One World:  As a world statesman Prime Minister Nehru had visualized the ideal of one world. One world is a sine qua non for global cooperation. It meant establishing a world federation or a world state so as to dispense with huge military establishments of nation-states and to solve the problems of humanity collectively. Through his writings and speeches, Nehru projected India’s idealism to the world much before she gained independence. He felt that the present nation-states “simply cannot fit in the modern world and no amount of argument or soft words can change that fundamental fact.”  In a broadcast to the nation on September 2, 1946, shortly after the swearing in as the Head of the Interim Government, he said:"The world, in spite of its rivalries and hatreds and inner conflicts, moves inevitably towards closer cooperation and the building up of a world commonwealth.  It is for the One World that free India will work a world in which there is the free co-operation of free peoples.” If the world is to survive, the nations have got to learn to live together and cooperate with one another, based on the principles of freedom and equality and justice.
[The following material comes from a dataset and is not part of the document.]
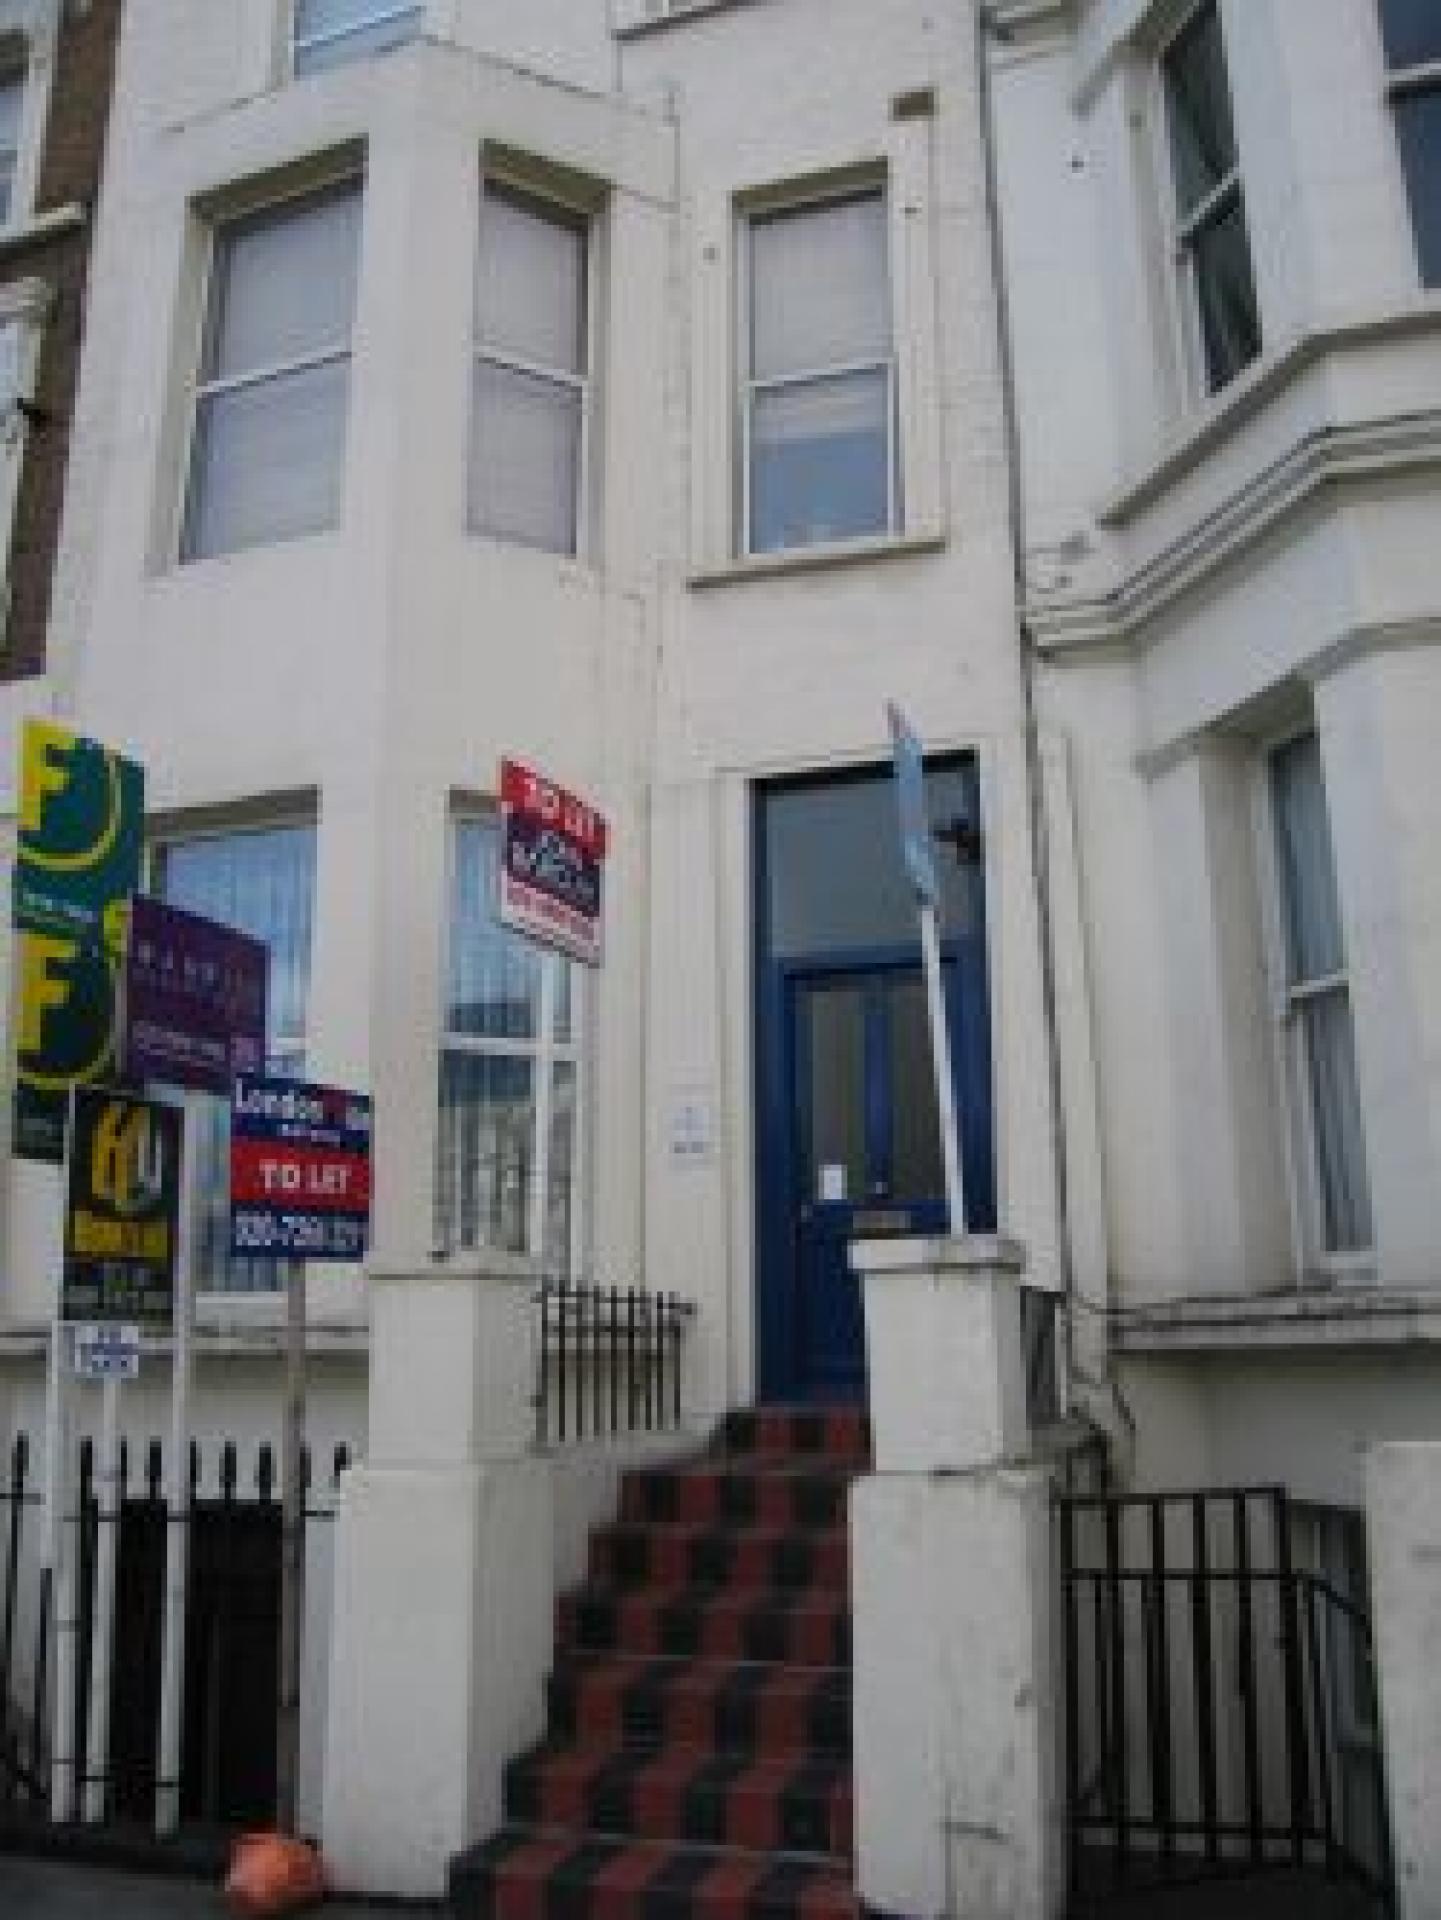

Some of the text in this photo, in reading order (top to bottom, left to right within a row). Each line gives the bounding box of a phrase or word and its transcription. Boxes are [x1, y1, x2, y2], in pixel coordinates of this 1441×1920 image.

Nehru believed that a World State, having an organization similar to that of the UN, based on the fullest democracy and freedom, having no truck with imperialism or fascism, is inevitable. In his address to the World Federalists Conference held in New Delhi, September, 1963, he conceptualized the world state. The “world state, among other things, must have a world police force…the state must be based on more or less demilitarized humanity that is, the present approach to arms and building up of huge forces and armaments must go.” With demilitarization, the fear of military power subjugating a militarily weak nation would be removed. And the world state, based on the principle of co-existence and mutual-respect, “will have to work under planned and socialized economy in order to end the conflicts.”
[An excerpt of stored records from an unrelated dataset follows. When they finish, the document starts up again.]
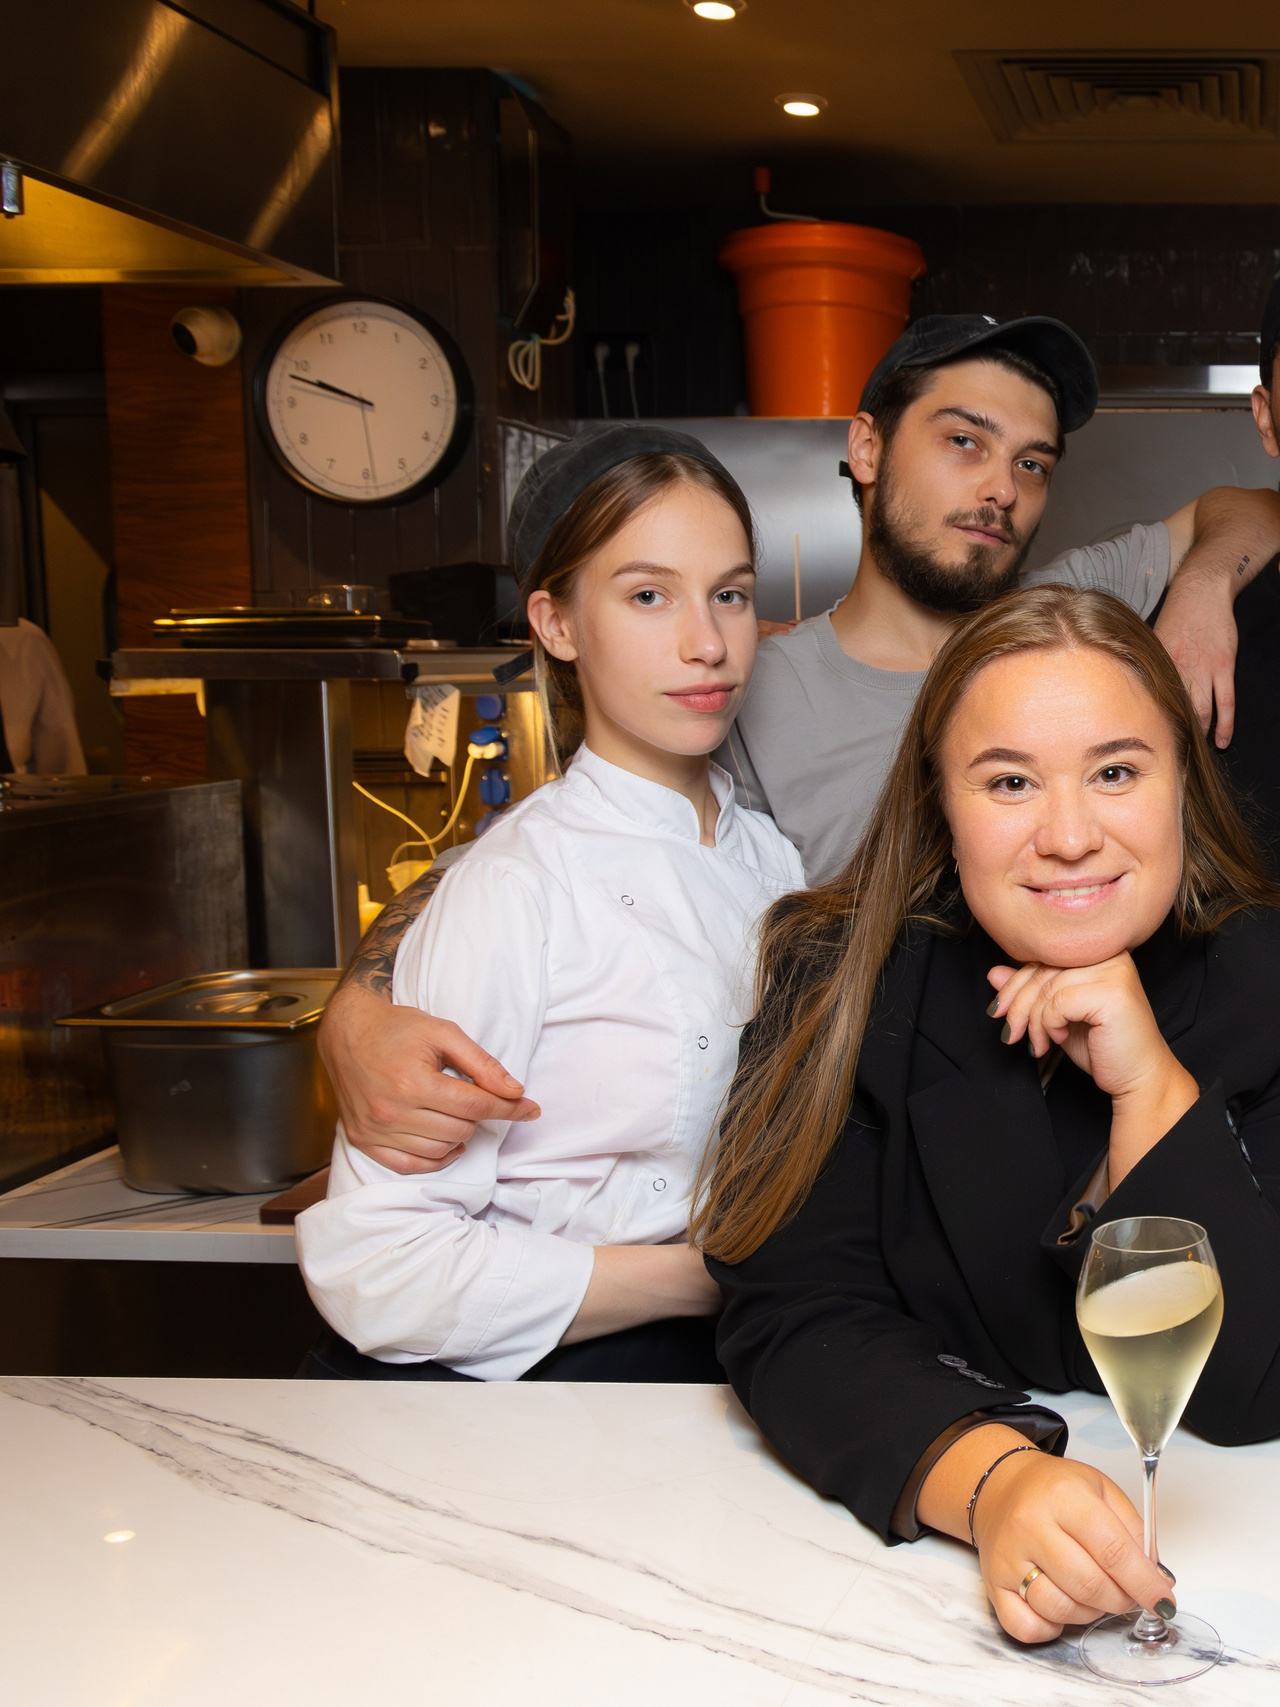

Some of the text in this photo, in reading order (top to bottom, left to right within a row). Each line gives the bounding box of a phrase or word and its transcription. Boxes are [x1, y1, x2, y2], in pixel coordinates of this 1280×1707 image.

[353, 321, 368, 334] 12
[294, 360, 310, 371] 10
[419, 357, 428, 370] 2
[288, 396, 297, 408] 9
[431, 394, 439, 406] 3
[299, 432, 308, 444] 8
[421, 431, 430, 442] 4
[327, 458, 336, 470] 7
[398, 458, 406, 470] 5
[362, 468, 370, 480] 6
This would mean the Western democratic states must learn to reconcile with planned economy as a means to improve the lot of the impoverished. The new nations of Asia and Africa cannot afford to opt for the laissez faire theory of economy, as these countries have unique problems of hunger, malnutrition, abject poverty, illiteracy, disease and the like which require state intervention in economy. If these countries opt for capitalist mode of development, it would only lead to concentration of economic power in the hands of few individuals or group of individuals, to the detriment of the common good, leading to economic exploitation. And the advanced countries should give massive economic aid to the poor countries without any strings attached, and help in their economic development. Similarly, the totalitarian communist countries must relax the state control over the individual. They must not stifle the individuality of a human being by denying him the basic political and civil rights. This is how Nehru hoped to reconcile the different social and economic systems, of the countries belonging to both the ‘free world’ and the ‘socialist world’.
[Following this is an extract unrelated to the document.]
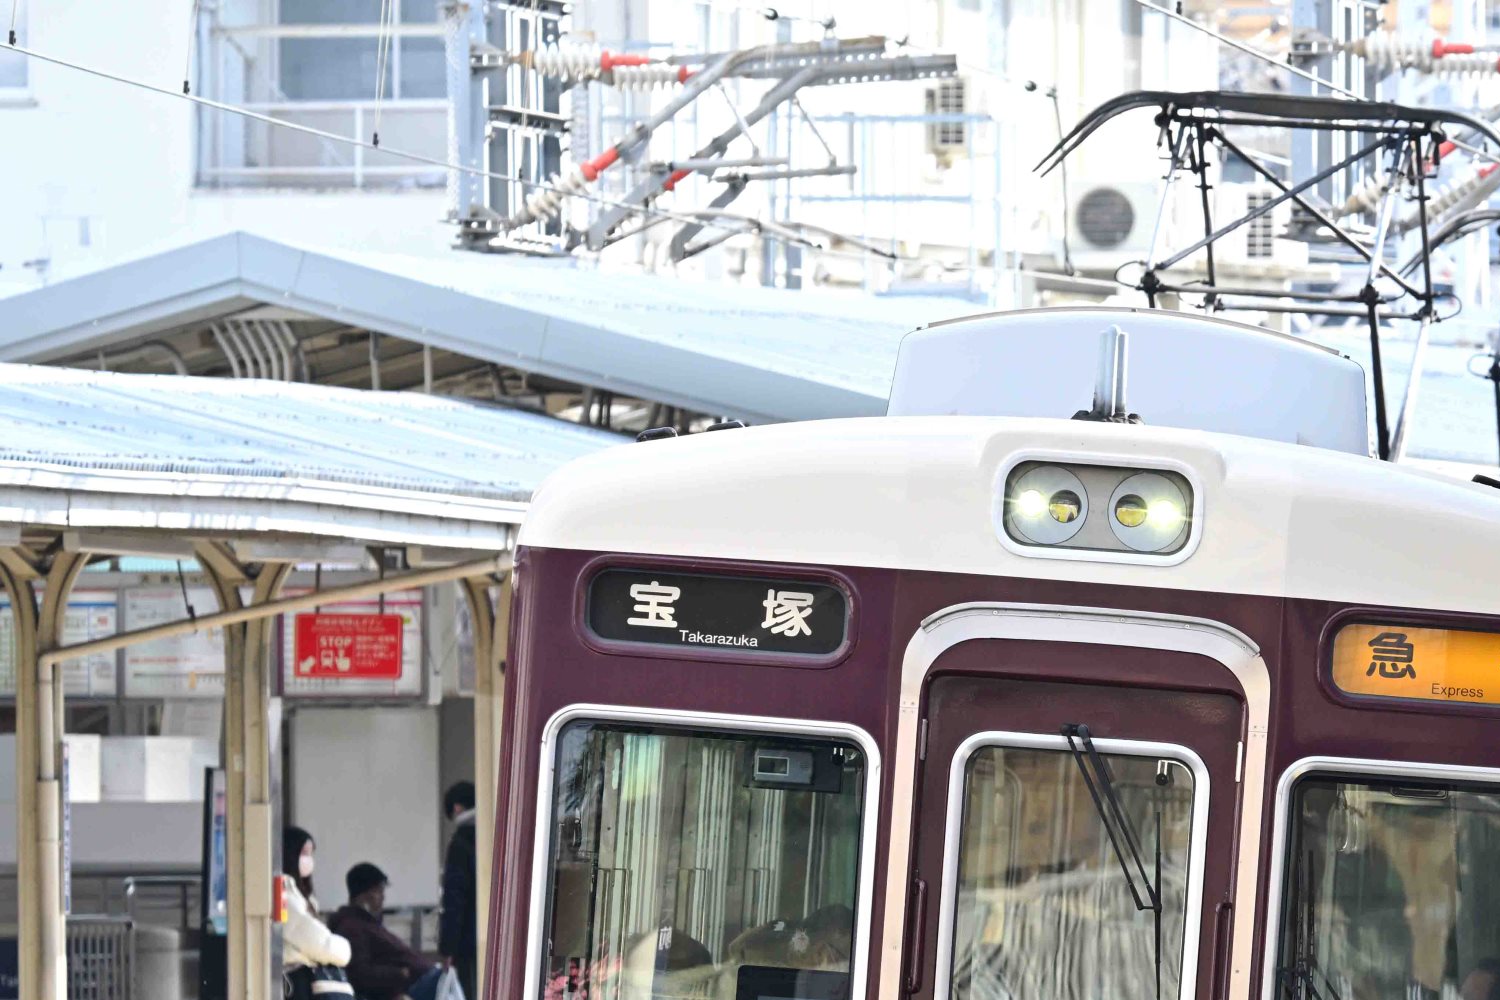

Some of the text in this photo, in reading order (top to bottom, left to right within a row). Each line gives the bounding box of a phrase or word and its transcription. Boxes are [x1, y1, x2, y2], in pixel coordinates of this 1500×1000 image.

[627, 581, 814, 637] 宝塚
[679, 629, 758, 647] Takarazuka
[1432, 683, 1484, 699] Express
The Soviet Union Premier Nikita Khrushchev wanted to know from Nehru the secret of his being friendly with western countries and asked him to help him befriend America and England, to which Nehru answered that if he wanted friendship with America and England he must not say things which infuriate them. To which Khrushchev responded: “do you realise that for 30 years or so, whatever the period, we have lived in Russia in a state of siege. We have lived in a state of siege with our enemies surrounding us and trying to put an end to us, crush us. We have fought and survived. But this state of siege has conditioned us.”

Nehru was of the opinion that we cannot afford to have a ‘regimented world, all thinking and functioning alike’. Today, the Communist Chinese expansionism; the rise of authoritarian regimes that concentrate and consolidate power, undermining the democratic principles; and growing social and economic inequalities and conflicts are a stumbling block to building a new world order, based on mutual cooperation and peaceful co-existence.